NAME

    Yars - Yet Another RESTful-Archive Service

VERSION

    version 1.20

SYNOPSIS

    Create a configuration in ~/etc/Yars.conf

     ---
     url: http://localhost:9001
     start_mode: hypnotoad
     hypnotoad:
       pid_file: <%= home %>/var/run/yars.pid
       listen: [ 'http://localhost:9001' ]
     servers:
       - url: http://localhost:9001
         disks:
           - root: <%= home %>/var/data/disk1
             buckets: <%= json [ 0..9, 'a'..'f' ] %>

    Create needed directories and run the server

     % mkdir -p ~/var/run ~/var/data/disk1
     % yars start

    Upload a file:

     % md5sum foo.jog
     469f9b131cce1631ddd449fbef9059ba  foo.jpg
     % yarsclient upload foo.jpg

    Download a file

     % yarsclient download foo.jpg 469f9b131cce1631ddd449fbef9059ba

DESCRIPTION

    Yars is a simple RESTful server for data storage.

    It allows files to be PUT and GET based on their md5 sums and
    filenames, and uses a distributed hash table to store the files across
    any number of hosts and disks.

    Files are assigned to disks and hosts based on their md5s in the
    following manner :

    The first N digits of the md5 are considered the "bucket" for a file.
    e.g. for N=2, 256 buckets are then distributed among the disks in
    proportion to the size of each disk.
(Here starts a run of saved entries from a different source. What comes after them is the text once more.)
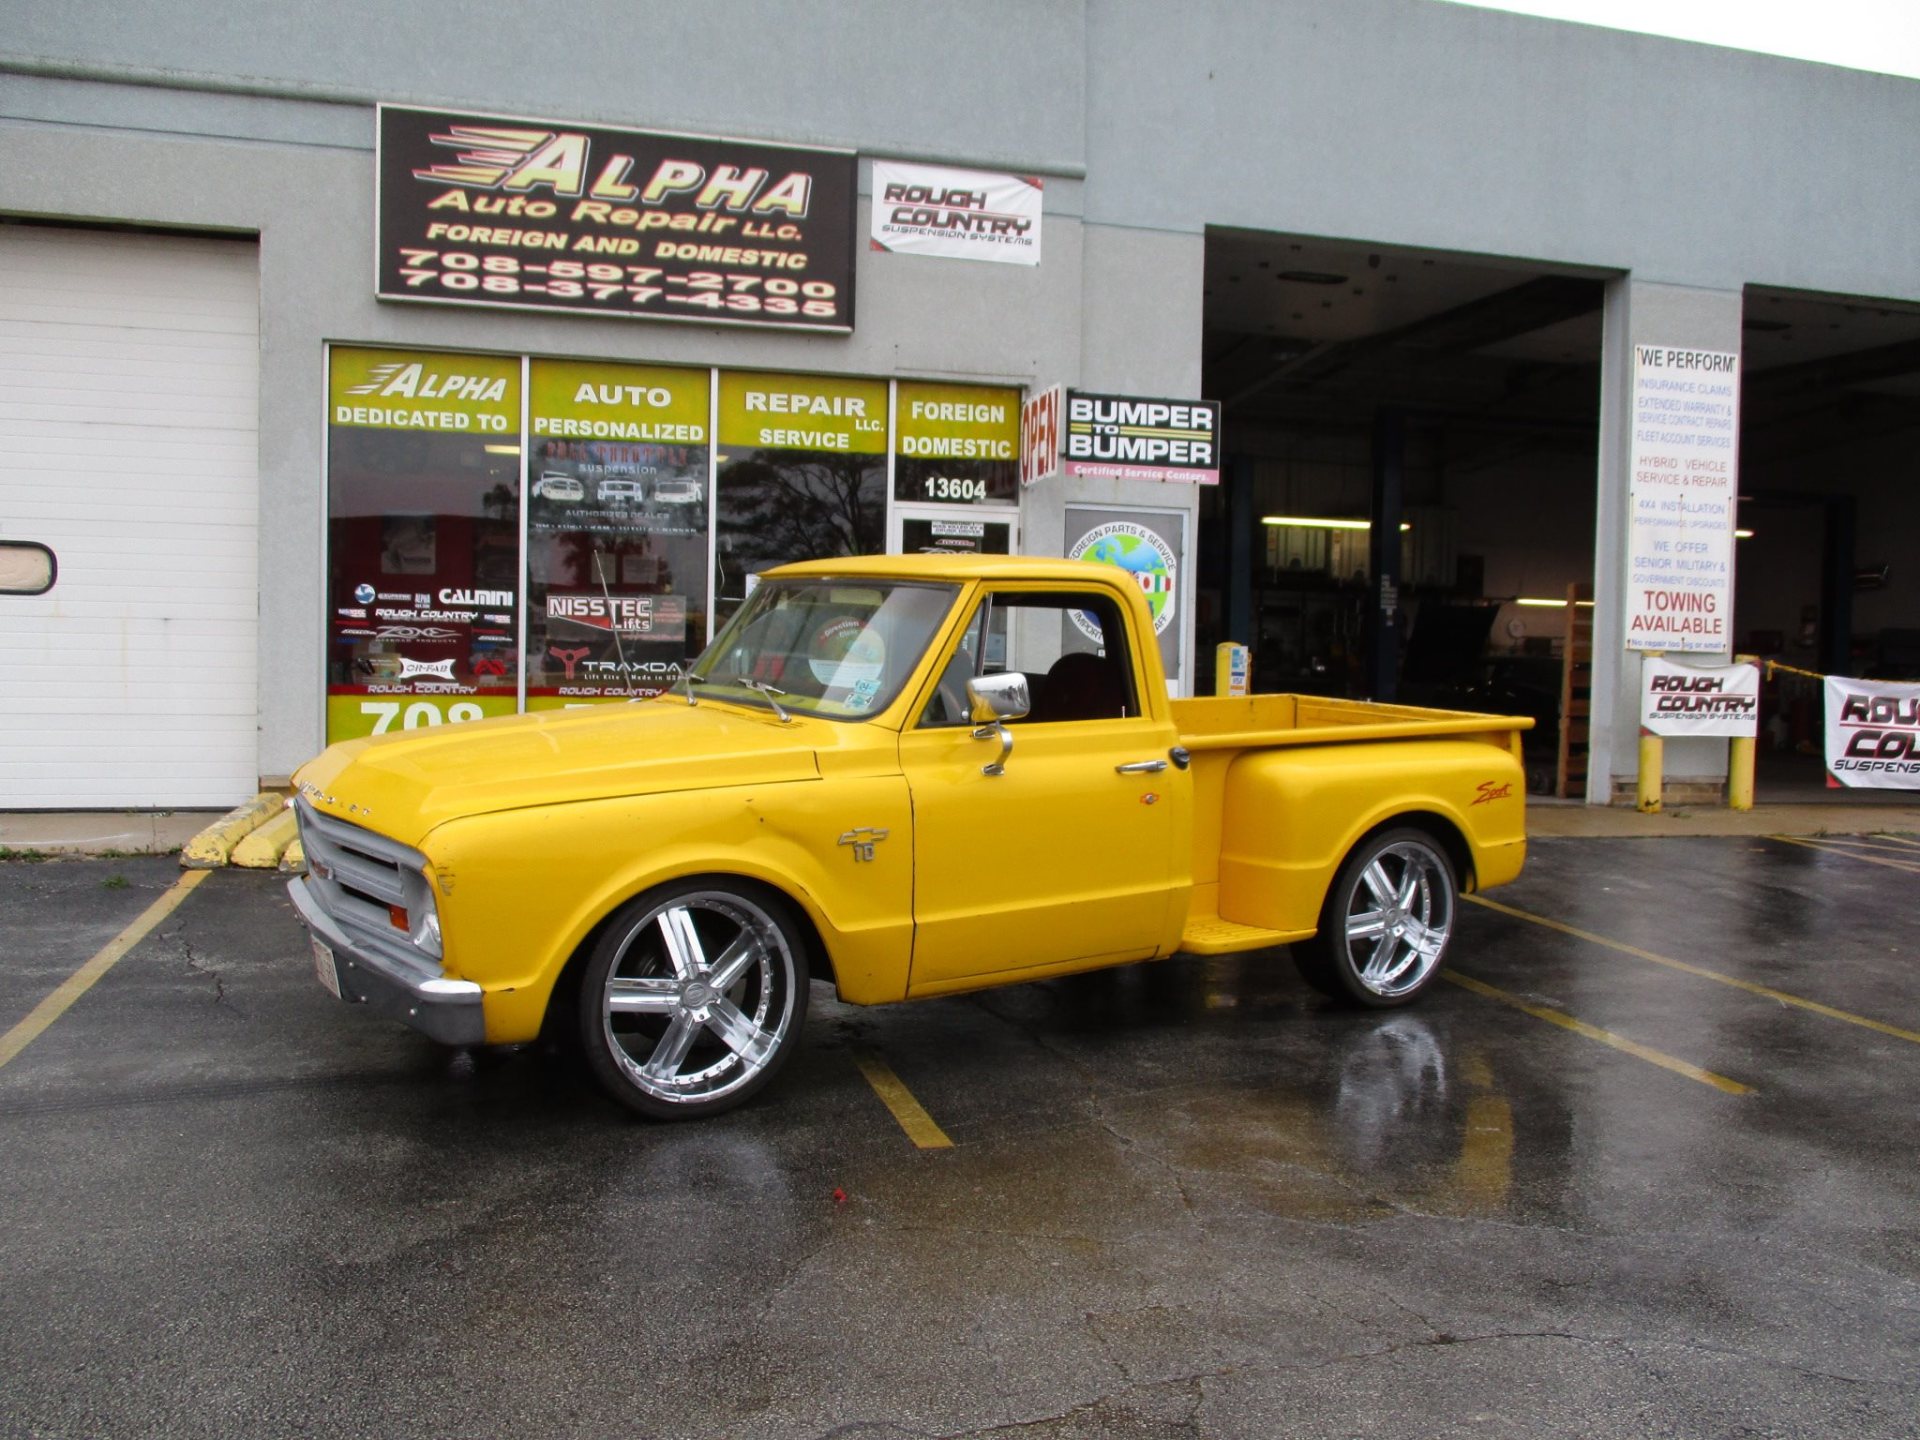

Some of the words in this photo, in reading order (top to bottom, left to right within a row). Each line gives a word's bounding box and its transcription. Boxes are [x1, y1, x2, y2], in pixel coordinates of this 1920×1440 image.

[503, 133, 812, 218] ALPHA
[884, 182, 987, 210] ROUGH
[428, 189, 556, 219] Auto
[571, 200, 737, 233] Repair
[741, 221, 803, 241] LLC.
[890, 206, 1032, 236] COUNTRY
[426, 223, 568, 250] FOREIGN
[572, 234, 640, 256] AND
[655, 241, 807, 269] DOMESTIC
[882, 224, 966, 240] SUSPENSION
[969, 232, 1033, 246] SYSTEMS
[400, 247, 836, 298] 708-597-2700
[400, 268, 837, 318] 708-377-4335
[1640, 348, 1662, 367] WE
[1667, 351, 1733, 373] PERFORM
[381, 363, 507, 401] ALPHA
[1638, 378, 1696, 393] INSURANCE
[1697, 384, 1732, 397] CLAIMS
[574, 383, 672, 407] AUTO
[1638, 397, 1681, 412] EXTENDED
[336, 405, 469, 429] DEDICATED
[477, 413, 507, 431] TO
[745, 392, 866, 417] REPAIR
[855, 419, 884, 432] LLC.
[912, 401, 1005, 423] FOREIGN
[1070, 398, 1213, 430] BUMPER
[534, 417, 704, 441] PERSONALIZED
[760, 428, 849, 449] SERVICE
[1021, 387, 1060, 483] OPEN
[1093, 423, 1119, 435] TO
[1637, 430, 1660, 442] FLEET
[903, 436, 1011, 458] DOMESTIC
[1069, 434, 1212, 464] BUMPER
[1074, 465, 1122, 477] Certified
[1124, 468, 1165, 479] Service
[1639, 456, 1678, 468] HYBRID
[1684, 459, 1727, 472] VEHICLE
[925, 477, 987, 499] 13604
[1636, 471, 1680, 485] SERVICE
[1683, 476, 1688, 486] &
[1692, 475, 1728, 487] REPAIR
[1661, 500, 1725, 514] INSTALLATION
[1105, 524, 1137, 535] PARTS
[1139, 530, 1145, 538] &
[1147, 534, 1176, 570] SERVICE
[1654, 541, 1671, 552] WE
[1675, 542, 1708, 553] OFFER
[1635, 557, 1672, 568] SENIOR
[439, 588, 513, 606] CALMINI
[549, 598, 650, 617] NISSTEC
[1644, 591, 1716, 613] TOWING
[375, 608, 417, 617] ROUGH
[421, 609, 478, 620] COUNTRY
[610, 618, 650, 630] Lifts
[1631, 615, 1722, 634] AVAILABLE
[368, 685, 412, 693] ROUGH
[415, 685, 477, 694] COUNTRY
[559, 687, 601, 695] ROUGH
[604, 687, 662, 696] COUNTRY
[1651, 675, 1723, 692] ROUGH
[1657, 695, 1756, 712] COUNTRY
[1840, 694, 1920, 725] ROU
[1649, 712, 1707, 720] SUSPENSION
[1709, 713, 1756, 721] SYSTEMS
The bucket distribution is done
    manually as part of the configuration (with the aid of an included
    tool, yars_generate_diskmap).

    The server is controlled with the command line tool yars.
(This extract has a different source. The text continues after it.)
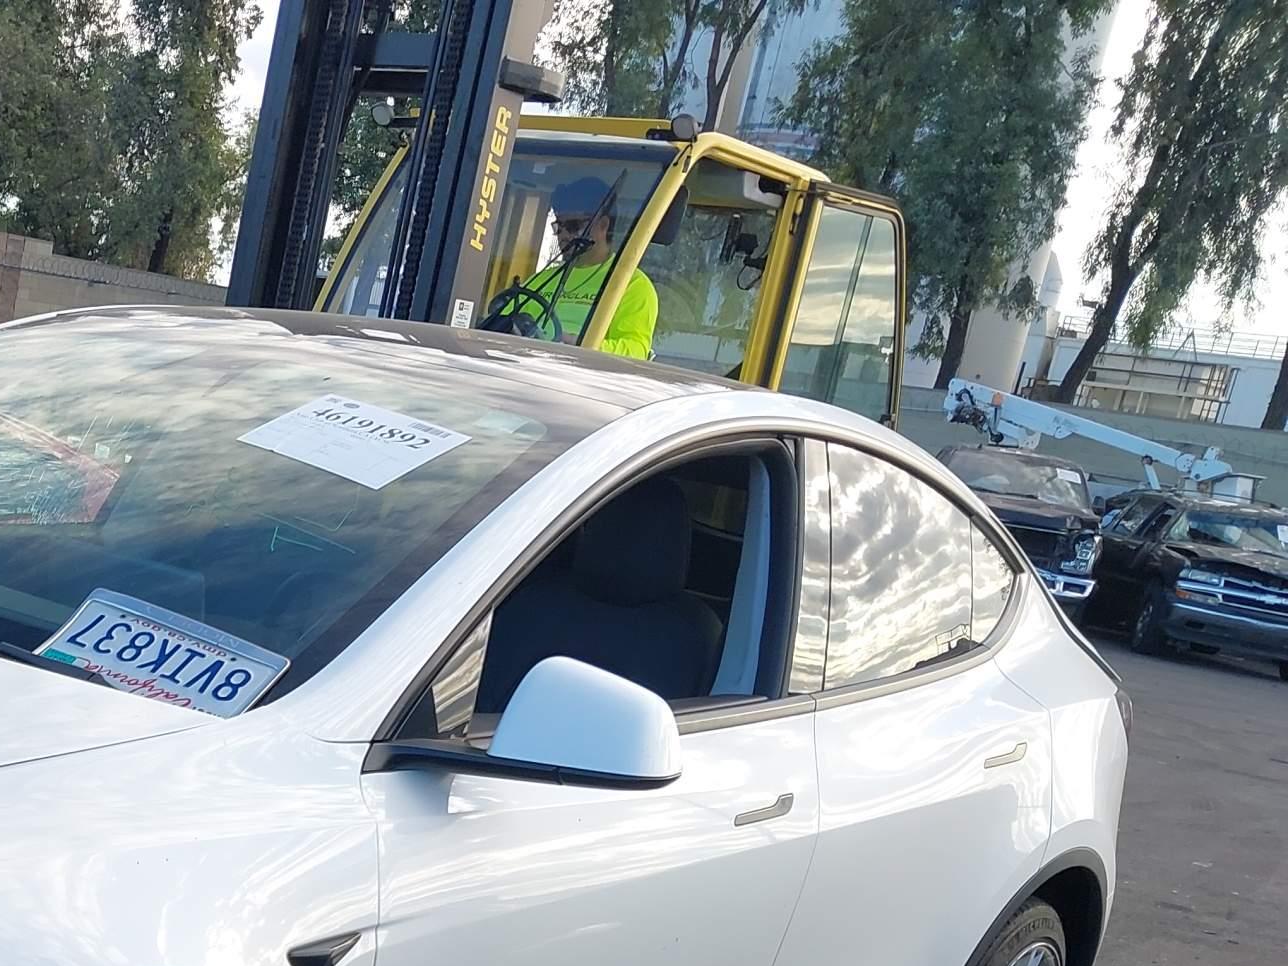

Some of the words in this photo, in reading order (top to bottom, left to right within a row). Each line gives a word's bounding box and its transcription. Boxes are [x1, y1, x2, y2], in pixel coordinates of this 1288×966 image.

[469, 105, 512, 252] HYSTER
[312, 407, 432, 449] 46191892
[66, 614, 253, 702] 8VIK837
    The basic operations of a running yars cluster are supporting requests
    of the form

     PUT http://$host/file/$filename
     GET http://$host/file/$md5/$filename
     HEAD http://$host/file/$md5/$filename
     GET http://$host/bucket_map

    to store and retrieve files, where $host may be any of the hosts in the
    cluster, $md5 is the md5 of the content, and $filename is a filename
    for the content to be stored. See Yars::Routes for documentation of
    other routes.

    Failover is handled in the following manner:

    If the host to which a file is assigned is not available, then the file
    will be "stashed" on the filesystem for the host to which it was sent.
    If there is no space there, other hosts and disks will be tried until
    an available one is found. Because of this failover mechanism, the
    "stash" must be checked whenever a GET request is handled. A successful
    GET will return quickly, but an unsuccessful one will take longer
    because all of the stashes on all of the servers must be checked before
    a "404 Not Found" is returned.

    Another tool yars_fast_balance is provided which takes files from
    stashes and returns them to their correct locations.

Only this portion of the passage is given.